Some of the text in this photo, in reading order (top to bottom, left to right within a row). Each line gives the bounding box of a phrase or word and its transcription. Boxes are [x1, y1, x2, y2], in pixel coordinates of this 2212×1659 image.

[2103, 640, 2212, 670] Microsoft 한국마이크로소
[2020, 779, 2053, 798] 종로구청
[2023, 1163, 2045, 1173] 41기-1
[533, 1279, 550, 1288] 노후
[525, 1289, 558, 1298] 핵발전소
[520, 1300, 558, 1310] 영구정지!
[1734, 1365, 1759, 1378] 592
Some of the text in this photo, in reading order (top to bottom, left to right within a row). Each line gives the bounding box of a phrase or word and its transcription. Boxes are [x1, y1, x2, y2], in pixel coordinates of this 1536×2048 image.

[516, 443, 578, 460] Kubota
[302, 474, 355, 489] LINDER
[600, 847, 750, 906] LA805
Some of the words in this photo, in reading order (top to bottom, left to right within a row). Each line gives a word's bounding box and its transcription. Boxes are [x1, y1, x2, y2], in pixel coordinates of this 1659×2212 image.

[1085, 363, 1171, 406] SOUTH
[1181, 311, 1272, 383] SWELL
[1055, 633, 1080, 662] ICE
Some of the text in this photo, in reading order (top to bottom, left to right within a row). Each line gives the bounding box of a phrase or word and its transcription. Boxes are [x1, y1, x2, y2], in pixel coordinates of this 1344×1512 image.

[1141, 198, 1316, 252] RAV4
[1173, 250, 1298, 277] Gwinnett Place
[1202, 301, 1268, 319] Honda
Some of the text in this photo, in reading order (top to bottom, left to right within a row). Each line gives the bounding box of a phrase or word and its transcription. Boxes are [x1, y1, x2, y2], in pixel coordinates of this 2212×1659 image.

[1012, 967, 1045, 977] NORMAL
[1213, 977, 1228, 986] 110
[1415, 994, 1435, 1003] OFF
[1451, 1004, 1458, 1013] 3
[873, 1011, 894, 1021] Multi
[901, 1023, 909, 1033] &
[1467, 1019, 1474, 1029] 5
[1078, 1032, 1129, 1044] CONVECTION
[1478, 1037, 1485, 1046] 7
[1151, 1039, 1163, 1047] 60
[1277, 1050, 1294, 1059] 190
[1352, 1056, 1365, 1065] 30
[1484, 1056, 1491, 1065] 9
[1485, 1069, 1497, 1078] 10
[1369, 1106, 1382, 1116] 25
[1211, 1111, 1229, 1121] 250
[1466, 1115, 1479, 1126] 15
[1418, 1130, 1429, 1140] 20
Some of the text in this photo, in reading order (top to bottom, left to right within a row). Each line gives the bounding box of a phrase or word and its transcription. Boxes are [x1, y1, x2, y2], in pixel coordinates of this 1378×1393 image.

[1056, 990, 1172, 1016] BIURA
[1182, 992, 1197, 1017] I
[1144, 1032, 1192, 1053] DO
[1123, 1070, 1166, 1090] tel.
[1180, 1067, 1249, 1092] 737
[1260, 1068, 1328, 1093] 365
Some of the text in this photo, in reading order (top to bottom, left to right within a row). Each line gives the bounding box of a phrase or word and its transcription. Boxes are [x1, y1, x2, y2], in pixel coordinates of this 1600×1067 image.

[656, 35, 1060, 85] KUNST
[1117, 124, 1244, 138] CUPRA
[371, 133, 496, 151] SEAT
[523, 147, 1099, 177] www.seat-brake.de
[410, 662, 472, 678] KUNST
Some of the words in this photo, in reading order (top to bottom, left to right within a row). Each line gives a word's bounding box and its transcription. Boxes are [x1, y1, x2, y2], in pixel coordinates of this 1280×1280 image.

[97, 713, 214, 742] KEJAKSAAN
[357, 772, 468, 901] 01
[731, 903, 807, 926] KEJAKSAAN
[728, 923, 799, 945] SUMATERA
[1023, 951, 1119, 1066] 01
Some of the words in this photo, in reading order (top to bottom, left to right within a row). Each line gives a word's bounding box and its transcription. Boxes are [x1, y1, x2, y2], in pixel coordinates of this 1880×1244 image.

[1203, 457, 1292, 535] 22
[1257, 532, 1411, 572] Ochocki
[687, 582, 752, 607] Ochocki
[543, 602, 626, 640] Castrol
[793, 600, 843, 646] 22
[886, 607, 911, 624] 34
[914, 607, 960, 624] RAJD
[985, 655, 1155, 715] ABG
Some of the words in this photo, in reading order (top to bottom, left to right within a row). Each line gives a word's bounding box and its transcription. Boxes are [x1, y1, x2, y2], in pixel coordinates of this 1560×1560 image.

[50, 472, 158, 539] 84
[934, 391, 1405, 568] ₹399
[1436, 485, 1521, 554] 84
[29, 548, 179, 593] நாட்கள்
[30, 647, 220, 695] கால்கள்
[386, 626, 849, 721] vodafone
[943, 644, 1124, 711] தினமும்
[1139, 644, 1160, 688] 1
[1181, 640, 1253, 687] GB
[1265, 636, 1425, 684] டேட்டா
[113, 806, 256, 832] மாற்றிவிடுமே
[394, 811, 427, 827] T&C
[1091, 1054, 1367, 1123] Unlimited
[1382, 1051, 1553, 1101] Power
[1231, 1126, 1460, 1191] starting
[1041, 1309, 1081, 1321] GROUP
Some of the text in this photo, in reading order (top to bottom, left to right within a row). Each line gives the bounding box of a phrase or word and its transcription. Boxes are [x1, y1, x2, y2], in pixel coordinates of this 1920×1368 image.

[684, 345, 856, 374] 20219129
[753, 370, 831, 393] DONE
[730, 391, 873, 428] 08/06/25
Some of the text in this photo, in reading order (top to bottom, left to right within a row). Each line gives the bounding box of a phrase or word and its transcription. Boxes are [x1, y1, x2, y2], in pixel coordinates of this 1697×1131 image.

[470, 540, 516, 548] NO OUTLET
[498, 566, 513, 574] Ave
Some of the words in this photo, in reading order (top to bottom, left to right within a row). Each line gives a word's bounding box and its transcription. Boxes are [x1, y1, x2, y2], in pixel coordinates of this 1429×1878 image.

What to produce => Give back the listing exactly.

Worked solution =>
Some of the text in this photo, in reading order (top to bottom, left to right within a row). Each line gives the bounding box of a phrase or word and its transcription. Boxes are [x1, y1, x2, y2], in pixel coordinates of this 2212×1659 image.

[2103, 640, 2212, 670] Microsoft 한국마이크로소
[2020, 779, 2053, 798] 종로구청
[2023, 1163, 2045, 1173] 41기-1
[533, 1279, 550, 1288] 노후
[525, 1289, 558, 1298] 핵발전소
[520, 1300, 558, 1310] 영구정지!
[1734, 1365, 1759, 1378] 592
Some of the text in this photo, in reading order (top to bottom, left to right within a row). Each line gives the bounding box of a phrase or word and its transcription. Boxes are [x1, y1, x2, y2], in pixel coordinates of this 1536×2048 image.

[516, 443, 578, 460] Kubota
[302, 474, 355, 489] LINDER
[600, 847, 750, 906] LA805
Some of the words in this photo, in reading order (top to bottom, left to right within a row). Each line gives a word's bounding box and its transcription. Boxes are [x1, y1, x2, y2], in pixel coordinates of this 1659×2212 image.

[1085, 363, 1171, 406] SOUTH
[1181, 311, 1272, 383] SWELL
[1055, 633, 1080, 662] ICE
Some of the text in this photo, in reading order (top to bottom, left to right within a row). Each line gives the bounding box of a phrase or word and its transcription. Boxes are [x1, y1, x2, y2], in pixel coordinates of this 1344×1512 image.

[1141, 198, 1316, 252] RAV4
[1173, 250, 1298, 277] Gwinnett Place
[1202, 301, 1268, 319] Honda
Some of the text in this photo, in reading order (top to bottom, left to right within a row). Each line gives the bounding box of a phrase or word and its transcription. Boxes are [x1, y1, x2, y2], in pixel coordinates of this 2212×1659 image.

[1012, 967, 1045, 977] NORMAL
[1213, 977, 1228, 986] 110
[1415, 994, 1435, 1003] OFF
[1451, 1004, 1458, 1013] 3
[873, 1011, 894, 1021] Multi
[901, 1023, 909, 1033] &
[1467, 1019, 1474, 1029] 5
[1078, 1032, 1129, 1044] CONVECTION
[1478, 1037, 1485, 1046] 7
[1151, 1039, 1163, 1047] 60
[1277, 1050, 1294, 1059] 190
[1352, 1056, 1365, 1065] 30
[1484, 1056, 1491, 1065] 9
[1485, 1069, 1497, 1078] 10
[1369, 1106, 1382, 1116] 25
[1211, 1111, 1229, 1121] 250
[1466, 1115, 1479, 1126] 15
[1418, 1130, 1429, 1140] 20
Some of the text in this photo, in reading order (top to bottom, left to right within a row). Each line gives the bounding box of a phrase or word and its transcription. Boxes are [x1, y1, x2, y2], in pixel coordinates of this 1378×1393 image.

[1056, 990, 1172, 1016] BIURA
[1182, 992, 1197, 1017] I
[1144, 1032, 1192, 1053] DO
[1123, 1070, 1166, 1090] tel.
[1180, 1067, 1249, 1092] 737
[1260, 1068, 1328, 1093] 365
Some of the text in this photo, in reading order (top to bottom, left to right within a row). Each line gives the bounding box of a phrase or word and its transcription. Boxes are [x1, y1, x2, y2], in pixel coordinates of this 1600×1067 image.

[656, 35, 1060, 85] KUNST
[1117, 124, 1244, 138] CUPRA
[371, 133, 496, 151] SEAT
[523, 147, 1099, 177] www.seat-brake.de
[410, 662, 472, 678] KUNST
Some of the words in this photo, in reading order (top to bottom, left to right within a row). Each line gives a word's bounding box and its transcription. Boxes are [x1, y1, x2, y2], in pixel coordinates of this 1280×1280 image.

[97, 713, 214, 742] KEJAKSAAN
[357, 772, 468, 901] 01
[731, 903, 807, 926] KEJAKSAAN
[728, 923, 799, 945] SUMATERA
[1023, 951, 1119, 1066] 01
Some of the words in this photo, in reading order (top to bottom, left to right within a row). Each line gives a word's bounding box and its transcription. Boxes are [x1, y1, x2, y2], in pixel coordinates of this 1880×1244 image.

[1203, 457, 1292, 535] 22
[1257, 532, 1411, 572] Ochocki
[687, 582, 752, 607] Ochocki
[543, 602, 626, 640] Castrol
[793, 600, 843, 646] 22
[886, 607, 911, 624] 34
[914, 607, 960, 624] RAJD
[985, 655, 1155, 715] ABG
Some of the words in this photo, in reading order (top to bottom, left to right within a row). Each line gives a word's bounding box and its transcription. Boxes are [x1, y1, x2, y2], in pixel coordinates of this 1560×1560 image.

[50, 472, 158, 539] 84
[934, 391, 1405, 568] ₹399
[1436, 485, 1521, 554] 84
[29, 548, 179, 593] நாட்கள்
[30, 647, 220, 695] கால்கள்
[386, 626, 849, 721] vodafone
[943, 644, 1124, 711] தினமும்
[1139, 644, 1160, 688] 1
[1181, 640, 1253, 687] GB
[1265, 636, 1425, 684] டேட்டா
[113, 806, 256, 832] மாற்றிவிடுமே
[394, 811, 427, 827] T&C
[1091, 1054, 1367, 1123] Unlimited
[1382, 1051, 1553, 1101] Power
[1231, 1126, 1460, 1191] starting
[1041, 1309, 1081, 1321] GROUP
Some of the text in this photo, in reading order (top to bottom, left to right within a row). Each line gives the bounding box of a phrase or word and its transcription. Boxes are [x1, y1, x2, y2], in pixel coordinates of this 1920×1368 image.

[684, 345, 856, 374] 20219129
[753, 370, 831, 393] DONE
[730, 391, 873, 428] 08/06/25
Some of the text in this photo, in reading order (top to bottom, left to right within a row). Each line gives the bounding box of a phrase or word and its transcription. Boxes are [x1, y1, x2, y2], in pixel coordinates of this 1697×1131 image.

[470, 540, 516, 548] NO OUTLET
[498, 566, 513, 574] Ave
Some of the words in this photo, in reading order (top to bottom, left to right within a row). Each line gives a word's bounding box and its transcription. Boxes are [x1, y1, x2, y2], in pixel coordinates of this 1429×1878 image.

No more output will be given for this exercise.